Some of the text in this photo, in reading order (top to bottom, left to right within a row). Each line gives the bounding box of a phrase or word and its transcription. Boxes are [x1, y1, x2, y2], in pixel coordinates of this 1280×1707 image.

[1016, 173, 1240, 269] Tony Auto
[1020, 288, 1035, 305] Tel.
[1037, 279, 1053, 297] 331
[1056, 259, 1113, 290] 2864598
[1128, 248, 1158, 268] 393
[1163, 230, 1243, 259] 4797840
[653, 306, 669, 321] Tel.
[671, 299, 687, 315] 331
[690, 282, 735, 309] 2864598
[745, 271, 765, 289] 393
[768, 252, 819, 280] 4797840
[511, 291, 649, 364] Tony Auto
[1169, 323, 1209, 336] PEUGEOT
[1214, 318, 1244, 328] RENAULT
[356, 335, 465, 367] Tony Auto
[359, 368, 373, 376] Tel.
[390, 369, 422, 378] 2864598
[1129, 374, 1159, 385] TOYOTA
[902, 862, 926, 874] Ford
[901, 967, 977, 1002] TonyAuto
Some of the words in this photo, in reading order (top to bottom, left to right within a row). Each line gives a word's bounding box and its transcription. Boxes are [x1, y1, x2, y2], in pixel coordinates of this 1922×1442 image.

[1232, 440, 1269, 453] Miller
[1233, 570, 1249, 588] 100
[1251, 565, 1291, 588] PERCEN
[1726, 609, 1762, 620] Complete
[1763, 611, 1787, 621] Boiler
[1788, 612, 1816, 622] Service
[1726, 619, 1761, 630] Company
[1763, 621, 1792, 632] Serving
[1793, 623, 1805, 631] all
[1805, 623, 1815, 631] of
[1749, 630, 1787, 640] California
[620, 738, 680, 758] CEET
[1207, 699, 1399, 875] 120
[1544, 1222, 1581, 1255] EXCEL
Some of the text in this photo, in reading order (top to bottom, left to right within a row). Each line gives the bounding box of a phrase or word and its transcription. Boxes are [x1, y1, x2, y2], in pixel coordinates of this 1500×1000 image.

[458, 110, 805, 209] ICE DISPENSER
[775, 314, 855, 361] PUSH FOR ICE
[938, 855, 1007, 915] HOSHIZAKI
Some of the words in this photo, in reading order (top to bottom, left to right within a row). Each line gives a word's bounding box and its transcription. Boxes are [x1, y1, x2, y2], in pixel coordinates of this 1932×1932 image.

━━━━━━━━━━━━━━━━━━━━

→ Exercise description:
Set down the records again, exactly.

→ Exercise result:
Some of the text in this photo, in reading order (top to bottom, left to right within a row). Each line gives the bounding box of a phrase or word and its transcription. Boxes are [x1, y1, x2, y2], in pixel coordinates of this 1280×1707 image.

[1016, 173, 1240, 269] Tony Auto
[1020, 288, 1035, 305] Tel.
[1037, 279, 1053, 297] 331
[1056, 259, 1113, 290] 2864598
[1128, 248, 1158, 268] 393
[1163, 230, 1243, 259] 4797840
[653, 306, 669, 321] Tel.
[671, 299, 687, 315] 331
[690, 282, 735, 309] 2864598
[745, 271, 765, 289] 393
[768, 252, 819, 280] 4797840
[511, 291, 649, 364] Tony Auto
[1169, 323, 1209, 336] PEUGEOT
[1214, 318, 1244, 328] RENAULT
[356, 335, 465, 367] Tony Auto
[359, 368, 373, 376] Tel.
[390, 369, 422, 378] 2864598
[1129, 374, 1159, 385] TOYOTA
[902, 862, 926, 874] Ford
[901, 967, 977, 1002] TonyAuto
Some of the words in this photo, in reading order (top to bottom, left to right within a row). Each line gives a word's bounding box and its transcription. Boxes are [x1, y1, x2, y2], in pixel coordinates of this 1922×1442 image.

[1232, 440, 1269, 453] Miller
[1233, 570, 1249, 588] 100
[1251, 565, 1291, 588] PERCEN
[1726, 609, 1762, 620] Complete
[1763, 611, 1787, 621] Boiler
[1788, 612, 1816, 622] Service
[1726, 619, 1761, 630] Company
[1763, 621, 1792, 632] Serving
[1793, 623, 1805, 631] all
[1805, 623, 1815, 631] of
[1749, 630, 1787, 640] California
[620, 738, 680, 758] CEET
[1207, 699, 1399, 875] 120
[1544, 1222, 1581, 1255] EXCEL
Some of the text in this photo, in reading order (top to bottom, left to right within a row). Each line gives the bounding box of a phrase or word and its transcription. Boxes are [x1, y1, x2, y2], in pixel coordinates of this 1500×1000 image.

[458, 110, 805, 209] ICE DISPENSER
[775, 314, 855, 361] PUSH FOR ICE
[938, 855, 1007, 915] HOSHIZAKI
Some of the words in this photo, in reading order (top to bottom, left to right within a row). Each line gives a word's bounding box and its transcription. Boxes are [x1, y1, x2, y2], in pixel coordinates of this 1932×1932 image.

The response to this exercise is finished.